I find it hard to explain code in this language, since the directions the code takes a confusing (since it's running through code wrapped around a cube). The size of the cube used varies based on the length of the code. In this case each side has 4 characters.

Here goes...

I:;.^!^u.>($.sr*u..;uO;@
    ^                    - code starts here, change IP to "up"
I:                       - read a number from STDIN, duplicate it on stack
         >               - change IP to "right" (start of loop)
          (              - decrement top of stack
           $             - skip the next instruction
    ^                    - SKIPPED
     !                   - if top of stack not 0, skip next instruction
      ^                  - TRUE, change IP to "up" (exit path 0)

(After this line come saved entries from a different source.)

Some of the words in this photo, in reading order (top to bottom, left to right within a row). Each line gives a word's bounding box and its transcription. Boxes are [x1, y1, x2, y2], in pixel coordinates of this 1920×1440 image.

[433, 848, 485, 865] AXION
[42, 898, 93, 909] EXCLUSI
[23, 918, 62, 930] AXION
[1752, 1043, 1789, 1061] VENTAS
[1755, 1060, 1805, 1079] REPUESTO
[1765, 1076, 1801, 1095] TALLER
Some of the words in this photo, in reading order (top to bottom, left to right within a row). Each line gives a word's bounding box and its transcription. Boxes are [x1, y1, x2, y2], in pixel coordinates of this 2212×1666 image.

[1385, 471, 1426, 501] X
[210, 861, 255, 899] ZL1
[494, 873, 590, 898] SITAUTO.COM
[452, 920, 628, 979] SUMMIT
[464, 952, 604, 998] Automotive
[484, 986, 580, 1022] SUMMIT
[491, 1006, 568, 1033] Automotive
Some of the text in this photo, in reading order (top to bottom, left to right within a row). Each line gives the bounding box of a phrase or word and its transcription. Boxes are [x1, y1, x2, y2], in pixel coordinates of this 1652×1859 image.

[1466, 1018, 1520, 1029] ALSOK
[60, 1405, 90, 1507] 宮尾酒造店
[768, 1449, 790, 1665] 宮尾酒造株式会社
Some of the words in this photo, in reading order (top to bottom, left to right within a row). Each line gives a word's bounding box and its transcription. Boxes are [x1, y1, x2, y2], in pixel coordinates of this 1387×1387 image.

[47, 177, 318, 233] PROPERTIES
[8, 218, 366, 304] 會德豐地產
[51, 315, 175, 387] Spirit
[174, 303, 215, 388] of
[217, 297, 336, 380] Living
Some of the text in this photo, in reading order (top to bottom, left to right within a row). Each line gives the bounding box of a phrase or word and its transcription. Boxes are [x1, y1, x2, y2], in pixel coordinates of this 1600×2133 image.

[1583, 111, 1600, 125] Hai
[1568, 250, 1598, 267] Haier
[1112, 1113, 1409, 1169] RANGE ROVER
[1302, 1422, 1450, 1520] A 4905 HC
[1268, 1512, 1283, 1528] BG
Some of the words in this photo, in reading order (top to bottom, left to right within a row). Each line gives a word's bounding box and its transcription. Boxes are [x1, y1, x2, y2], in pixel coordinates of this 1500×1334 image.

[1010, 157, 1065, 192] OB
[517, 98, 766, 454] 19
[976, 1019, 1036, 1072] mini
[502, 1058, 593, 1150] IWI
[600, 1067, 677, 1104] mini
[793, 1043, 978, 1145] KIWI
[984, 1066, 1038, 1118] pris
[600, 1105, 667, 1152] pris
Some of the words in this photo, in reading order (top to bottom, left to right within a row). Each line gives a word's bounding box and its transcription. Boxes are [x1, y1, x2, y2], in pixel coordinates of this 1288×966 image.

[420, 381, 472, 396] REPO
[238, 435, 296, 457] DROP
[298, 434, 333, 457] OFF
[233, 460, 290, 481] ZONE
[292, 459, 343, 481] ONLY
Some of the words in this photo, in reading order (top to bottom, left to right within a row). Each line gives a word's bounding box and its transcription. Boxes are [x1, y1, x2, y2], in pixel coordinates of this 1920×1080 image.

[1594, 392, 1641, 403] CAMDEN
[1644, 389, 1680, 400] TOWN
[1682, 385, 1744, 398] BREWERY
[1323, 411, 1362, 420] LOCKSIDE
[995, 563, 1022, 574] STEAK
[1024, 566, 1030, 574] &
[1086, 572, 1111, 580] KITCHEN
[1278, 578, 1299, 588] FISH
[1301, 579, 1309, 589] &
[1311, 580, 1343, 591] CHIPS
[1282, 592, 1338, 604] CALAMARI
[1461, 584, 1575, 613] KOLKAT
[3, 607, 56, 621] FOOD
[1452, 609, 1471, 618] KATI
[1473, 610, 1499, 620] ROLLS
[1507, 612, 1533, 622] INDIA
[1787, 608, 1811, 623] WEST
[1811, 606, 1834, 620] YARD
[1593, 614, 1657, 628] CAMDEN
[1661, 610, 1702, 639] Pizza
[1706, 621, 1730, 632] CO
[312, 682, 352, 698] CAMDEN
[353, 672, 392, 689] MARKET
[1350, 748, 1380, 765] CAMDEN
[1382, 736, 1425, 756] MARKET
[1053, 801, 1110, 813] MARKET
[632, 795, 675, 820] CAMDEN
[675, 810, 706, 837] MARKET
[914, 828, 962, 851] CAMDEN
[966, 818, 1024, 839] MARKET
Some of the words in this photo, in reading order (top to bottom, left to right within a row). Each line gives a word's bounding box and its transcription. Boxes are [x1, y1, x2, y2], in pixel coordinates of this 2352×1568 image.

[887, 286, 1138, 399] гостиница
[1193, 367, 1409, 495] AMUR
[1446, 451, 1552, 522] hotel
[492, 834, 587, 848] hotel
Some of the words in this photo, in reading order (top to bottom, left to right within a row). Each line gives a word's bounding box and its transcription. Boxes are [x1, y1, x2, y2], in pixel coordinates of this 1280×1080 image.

       u                 - FALSE, IP does a "u turn"
               *         - multiple top two entries on the stack
              r          - rotate top three stack entries twice
             s           - flip the top two entries on the stack
                   ;     - delete the top of stack
                u        - IP does a "u turn", (end of loop)
  ;                      - exit path 1, delete top of stack
I                        - exit path 2, read STDIN as number onto stack
           $             - exit path 3, skip next instruction
                   ;     - exit path 4, SKIPPED
                      ;  - exit path 5, delete top of stack
                    u    - exit path 6, IP makes a "u turn"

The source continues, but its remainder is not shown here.